Having cleared the runway via an RET, the crew then asked for clearance to stop on it, which was approved with a request to be told what the problem was. When told that it was an “engine problem”, TWR transferred them to GND and the taxi in to parking was completed. No action was taken to carry out a runway inspection before permitting further use of the runway and it remained in use until it was realised that debris was likely to be on the runway. A runway inspection was then ordered and a considerable quantity of engine debris was found which, when collected, totalled 13.5 kg and included debris sizes ranging from small granules to larger pieces up to 15 cm long and 5 cm wide.
Attendance of the Emergency Services to conduct an external inspection was at no stage offered by ATC or requested by the crew.

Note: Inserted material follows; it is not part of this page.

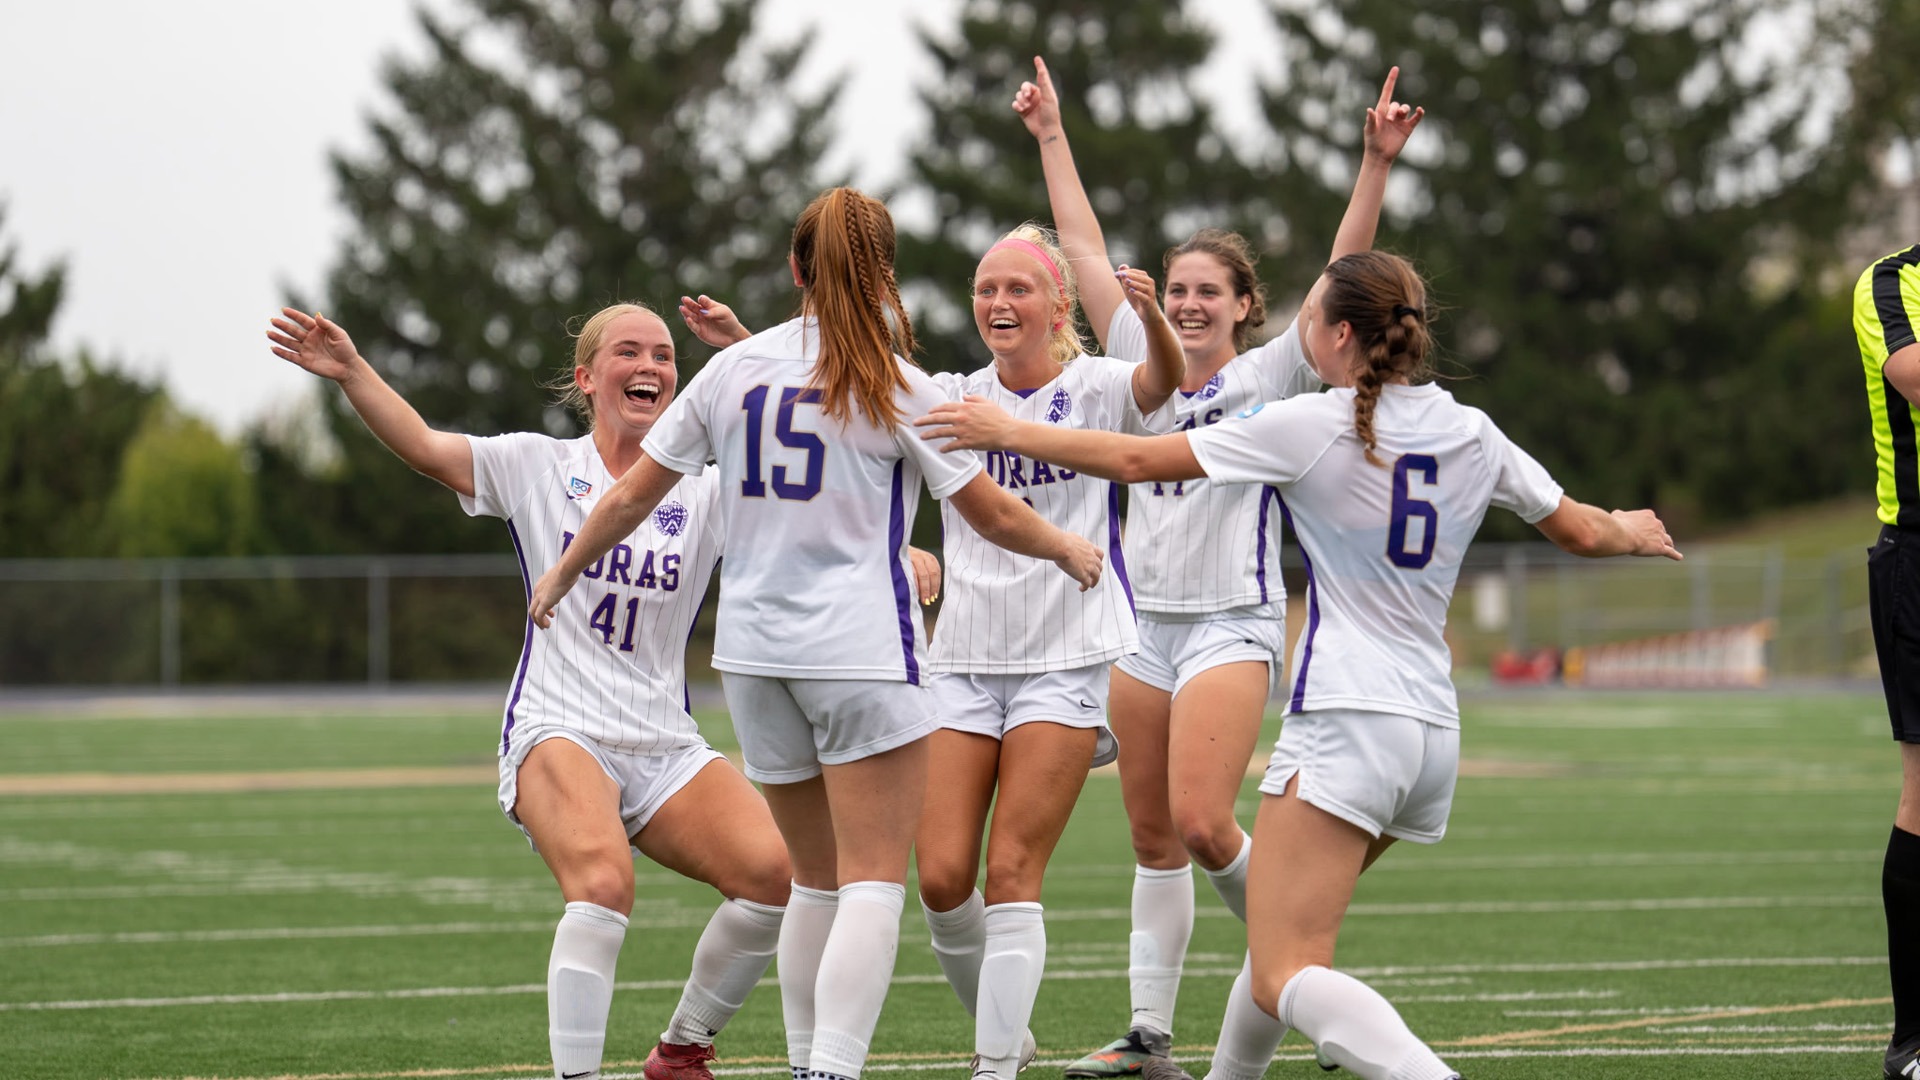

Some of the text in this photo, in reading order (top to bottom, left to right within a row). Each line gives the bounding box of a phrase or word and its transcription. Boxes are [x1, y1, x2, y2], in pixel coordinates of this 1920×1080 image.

It was also noted that although the Airport Fire Fighting section had a multi-frequency radio set, only the GND frequency is monitored and that even if directed to attend and externally inspect an aircraft, their vehicles were not equipped to facilitate direct communication with aircraft.
Establishing the cause of the engine failure
An initial inspection of the failed engine found that the N2 rotor system was still rotating normally whereas N1 rotor system rotation “was restricted to about 120 degrees” and caused “metallic sounds” to occur. Borescope inspections of the Low Pressure Turbine (LPT) module subsequently found severe blade and vane damage beginning at stage 3 and continuing rearwards, but there were no abnormal findings from similar inspections of the Low Pressure Compressor (LPC), High Pressure Compressor (HPC) and high pressure turbine (HPT) modules. Extensive disassembly of the LPT module found that the full extent of the damage was:
- Thermal damage to stage 2, 3 and 4 stators locally around the 5 o’clock radial position, reducing in that stage sequence.

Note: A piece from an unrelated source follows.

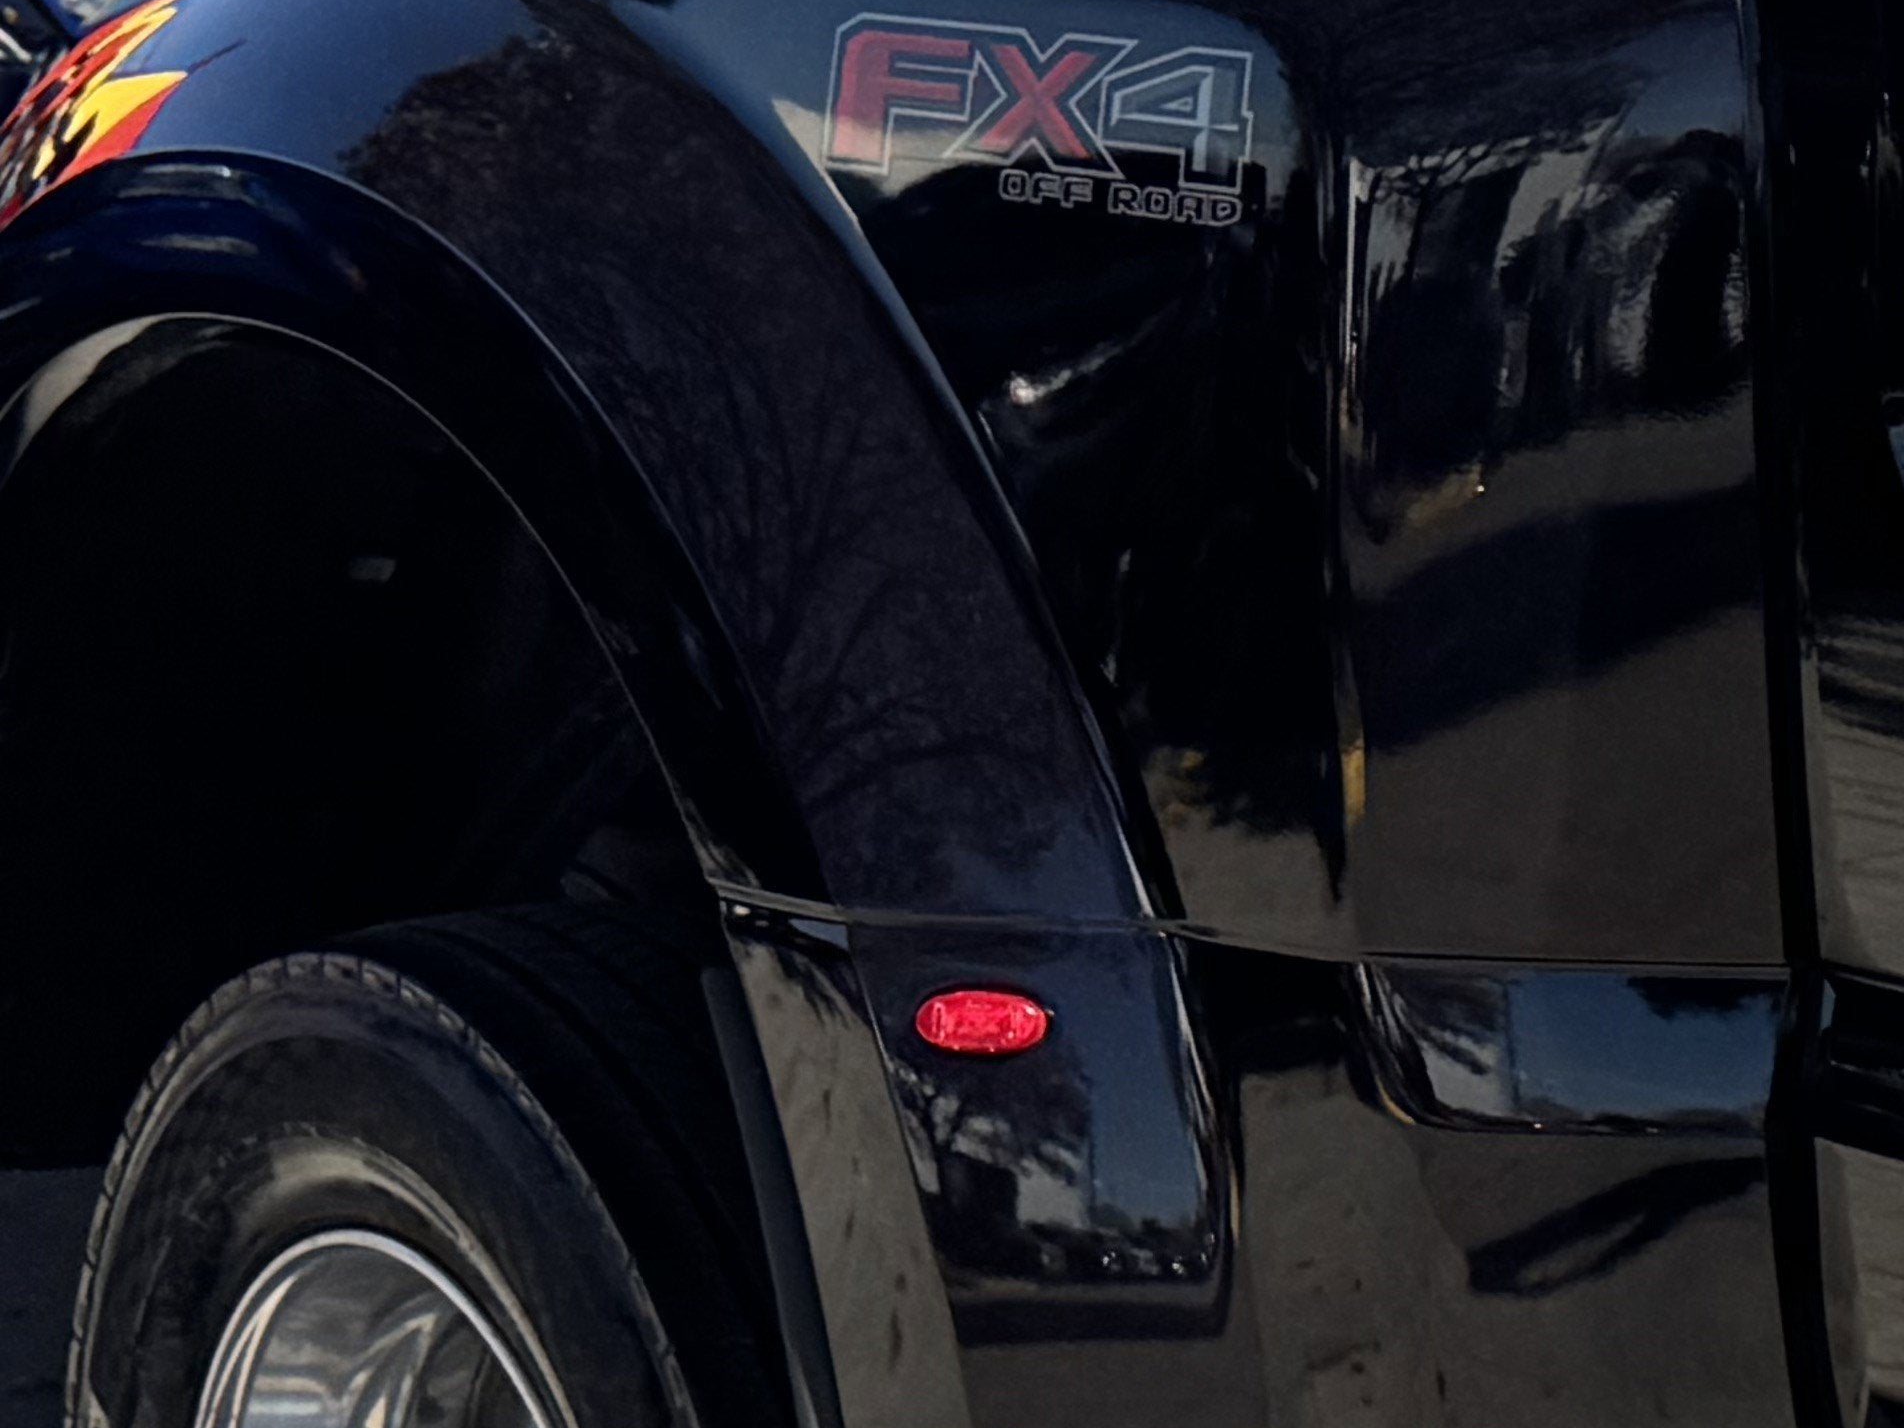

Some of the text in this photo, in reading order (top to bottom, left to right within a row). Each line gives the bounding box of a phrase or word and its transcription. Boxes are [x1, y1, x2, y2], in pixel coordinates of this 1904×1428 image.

[824, 12, 1253, 194] FX4
[1000, 170, 1244, 228] OFF ROAD

- Mechanical damage caused by the liberated vanes beginning at the stage 2 rotor which increased from stage 3 onwards.
The Investigation as to the cause of this damage eventually led to a focus on the 30 LPT module fuel spray nozzles. It was found that they had varying hysteresis values and an attempt to establish a reason for this, with a suspicion of contamination, led to a focus on their only movable component, their valves. Residues eventually identified as very small size particles of Super Absorbent Polymer (SAP) were found in nozzles in the vicinity of the 5 o’clock radial sector already associated with the damage. The particle sizes - mainly between 5µm to 20µm - were below the size which the engine fuel filter and the fuel nozzles strainers were designed to catch.
It was concluded that, since there was also evidence of a high probability that fuel contamination in the engine’s Hydro Mechanical Unit (HMU) valve and in the fuel tank sample taken was also SAP, the contamination had “affected the complete fuel system and therefore must have been introduced by the fuel supply”.
It was noted that SAP, which readily absorb water, are commonly used in the filter monitors installed in airport fuel handling (whether this is refuelling vehicles, hydrant dispensers or other mobile fuelling equipment) to ensure fuel uploaded is free of water in order to minimise the risk of ice formation in the engine fuel system and are typically globules in the same size range as those found during the Investigation.
The equipment and procedures of the Dhaka aviation fuel supplier were investigated and it was noted that it was “technically supervised and supported by Shell” and was in compliance with their standards and its own documented procedures. The type of fuel filter elements used in their equipment was recorded as having dispensed 16,753,420 litres of fuel to about 20 different air carriers in the 14 day period around the date of the investigated event “with no adverse report”.
The Investigation noted that operators of aircraft with GE90-94B and GE90-115B engines had previously been informed of two GE90-94B in-flight shutdown events which occurred in 2010 (one of these affected the function of both engines in flight and was extremely serious) had been directly related to a pre-flight fuel uplift which investigations had concluded were most likely caused by SAP contamination causing fuel nozzle valves to stick. It was also noted that evidence from these two investigations had shown that a SAP contamination during fuelling “does not necessarily result in an immediate event” and could then occur “an unknown number of cycles later”.
Operational aspects of the event
The following observations were made without further comment:
- The R/T phraseology used by the flight crew following the rejected takeoff was improper.
- Use of improper R/T phraseology by the flight crew following the rejected takeoff might have negated an effective response from the controller.
- ATC did not have a procedure to apply in the event of a rejected take-off.
- The controller failed to assist the flight crew following the rejected take-off.
- The controller also failed to assess the consequences of a heavy aircraft of the size of a Boeing 777-300 ER rejecting take-off from a high speed.
- The aircraft operator’s SOPs use different terms for a rejected takeoff for different aircraft of the fleet.
- Aerodrome Fire Fighting did not proceed to the aircraft after it had come to a stop on the runway in spite of the rejected takeoff and the fact that it then held on the active runway for about two minutes.
The Cause of the engine failure was identified as Super Absorbent Polymer (SAP) contamination of some of the fuel nozzle valves which prevented the normal function of their valves and led to thermal and then consequential mechanical damage to the Low Pressure Turbine (LPT). The mechanical damage was caused by liberated turbine blades passing into the engine.
One Safety Recommendation was made as a result of the Investigation as follows:
- that Aircraft Operators should investigate their refuelling operations at the airports where uploads are accomplished to ensure proper maintenance and monitoring programs are being conducted in accordance with the use of filter monitors which contain SAP.
The Final Report was completed on 17 July 2018 and subsequently published. Note that the Attachments to the Report, whether referred to in its text or not, were not published in or with it.